ASSIGNMENT:
Word for word, repeat the lines of the records from the one containing "this 1600×1200 image." through the last line, both included.

DATASET EXTRACT:
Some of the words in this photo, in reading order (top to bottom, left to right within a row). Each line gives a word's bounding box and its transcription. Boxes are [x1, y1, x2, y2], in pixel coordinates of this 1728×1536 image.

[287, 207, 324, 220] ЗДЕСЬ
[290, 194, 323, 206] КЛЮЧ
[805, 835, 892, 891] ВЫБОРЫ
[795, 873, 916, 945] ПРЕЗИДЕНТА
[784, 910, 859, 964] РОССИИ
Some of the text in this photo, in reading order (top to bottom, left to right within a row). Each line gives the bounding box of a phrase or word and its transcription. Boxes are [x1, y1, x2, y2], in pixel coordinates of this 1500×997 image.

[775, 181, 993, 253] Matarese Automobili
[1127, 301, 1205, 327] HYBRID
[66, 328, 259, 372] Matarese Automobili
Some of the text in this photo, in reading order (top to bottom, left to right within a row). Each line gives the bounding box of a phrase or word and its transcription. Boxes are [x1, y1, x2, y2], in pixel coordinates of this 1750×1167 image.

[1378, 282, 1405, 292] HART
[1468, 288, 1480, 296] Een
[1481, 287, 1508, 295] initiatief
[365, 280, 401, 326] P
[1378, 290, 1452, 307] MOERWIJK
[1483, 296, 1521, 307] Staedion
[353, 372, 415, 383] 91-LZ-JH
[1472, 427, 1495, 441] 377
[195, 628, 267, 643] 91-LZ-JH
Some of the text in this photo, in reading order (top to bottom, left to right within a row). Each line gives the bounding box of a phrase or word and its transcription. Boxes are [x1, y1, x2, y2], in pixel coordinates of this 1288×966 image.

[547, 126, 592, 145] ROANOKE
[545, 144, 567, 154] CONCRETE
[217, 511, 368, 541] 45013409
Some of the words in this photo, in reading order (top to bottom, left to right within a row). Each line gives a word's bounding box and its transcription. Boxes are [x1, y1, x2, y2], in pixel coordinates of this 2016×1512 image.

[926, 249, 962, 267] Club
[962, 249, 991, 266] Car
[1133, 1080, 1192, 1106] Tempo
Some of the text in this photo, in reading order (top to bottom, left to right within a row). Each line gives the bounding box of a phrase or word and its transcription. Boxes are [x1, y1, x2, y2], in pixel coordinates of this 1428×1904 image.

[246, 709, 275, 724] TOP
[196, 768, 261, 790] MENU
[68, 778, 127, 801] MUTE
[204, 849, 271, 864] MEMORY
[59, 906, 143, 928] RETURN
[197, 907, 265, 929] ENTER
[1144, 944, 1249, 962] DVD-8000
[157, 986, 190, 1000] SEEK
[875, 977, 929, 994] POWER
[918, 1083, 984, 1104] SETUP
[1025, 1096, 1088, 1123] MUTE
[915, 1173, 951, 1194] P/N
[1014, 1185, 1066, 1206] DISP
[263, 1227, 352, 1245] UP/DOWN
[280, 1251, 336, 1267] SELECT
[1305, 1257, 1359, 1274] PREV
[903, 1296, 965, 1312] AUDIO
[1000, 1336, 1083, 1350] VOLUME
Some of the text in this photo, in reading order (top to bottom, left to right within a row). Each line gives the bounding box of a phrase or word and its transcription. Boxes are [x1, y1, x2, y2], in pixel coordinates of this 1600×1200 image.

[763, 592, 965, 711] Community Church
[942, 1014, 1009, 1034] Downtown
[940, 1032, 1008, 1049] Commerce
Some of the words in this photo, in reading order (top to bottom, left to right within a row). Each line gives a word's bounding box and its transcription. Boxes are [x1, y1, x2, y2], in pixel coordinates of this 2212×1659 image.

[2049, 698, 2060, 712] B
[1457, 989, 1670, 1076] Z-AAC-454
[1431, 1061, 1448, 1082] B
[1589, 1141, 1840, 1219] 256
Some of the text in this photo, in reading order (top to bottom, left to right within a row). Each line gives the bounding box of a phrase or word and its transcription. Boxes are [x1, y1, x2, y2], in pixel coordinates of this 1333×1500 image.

TASK ANSWER:
Some of the text in this photo, in reading order (top to bottom, left to right within a row). Each line gives the bounding box of a phrase or word and its transcription. Boxes are [x1, y1, x2, y2], in pixel coordinates of this 1600×1200 image.

[763, 592, 965, 711] Community Church
[942, 1014, 1009, 1034] Downtown
[940, 1032, 1008, 1049] Commerce
Some of the words in this photo, in reading order (top to bottom, left to right within a row). Each line gives a word's bounding box and its transcription. Boxes are [x1, y1, x2, y2], in pixel coordinates of this 2212×1659 image.

[2049, 698, 2060, 712] B
[1457, 989, 1670, 1076] Z-AAC-454
[1431, 1061, 1448, 1082] B
[1589, 1141, 1840, 1219] 256
Some of the text in this photo, in reading order (top to bottom, left to right within a row). Each line gives the bounding box of a phrase or word and its transcription. Boxes are [x1, y1, x2, y2], in pixel coordinates of this 1333×1500 image.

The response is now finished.